Work instruction — Return the entries below word for word. No picture belongs in the copy.

Material provided —

§ §

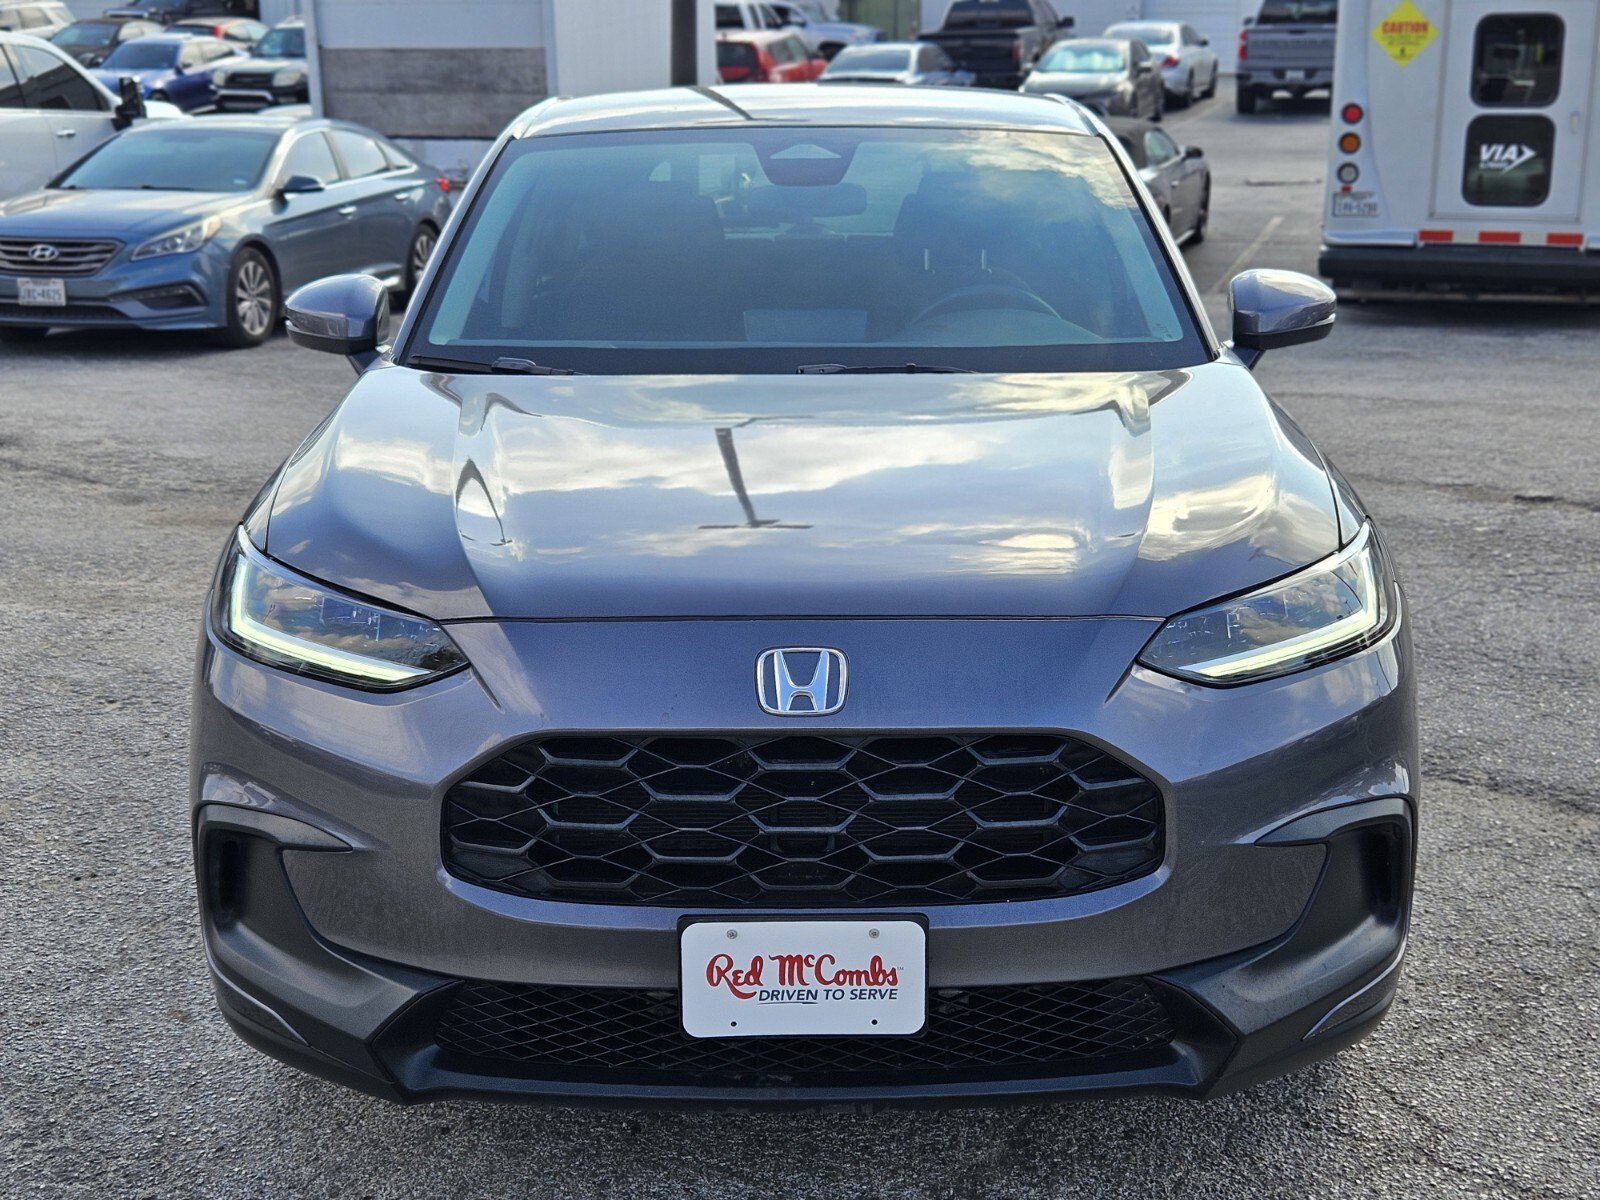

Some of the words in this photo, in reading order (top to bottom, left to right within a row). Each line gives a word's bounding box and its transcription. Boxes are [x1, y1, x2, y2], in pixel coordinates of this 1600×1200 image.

[1381, 21, 1428, 33] CAUTION
[1479, 143, 1518, 161] VIA
[706, 953, 764, 1000] Red
[768, 954, 898, 987] McCombs
[758, 989, 818, 1001] DRIVEN
[823, 989, 845, 1000] TO
[849, 988, 898, 1000] SERVE

§ §

Output of the task —
Some of the words in this photo, in reading order (top to bottom, left to right within a row). Each line gives a word's bounding box and its transcription. Boxes are [x1, y1, x2, y2], in pixel coordinates of this 1600×1200 image.

[1381, 21, 1428, 33] CAUTION
[1479, 143, 1518, 161] VIA
[706, 953, 764, 1000] Red
[768, 954, 898, 987] McCombs
[758, 989, 818, 1001] DRIVEN
[823, 989, 845, 1000] TO
[849, 988, 898, 1000] SERVE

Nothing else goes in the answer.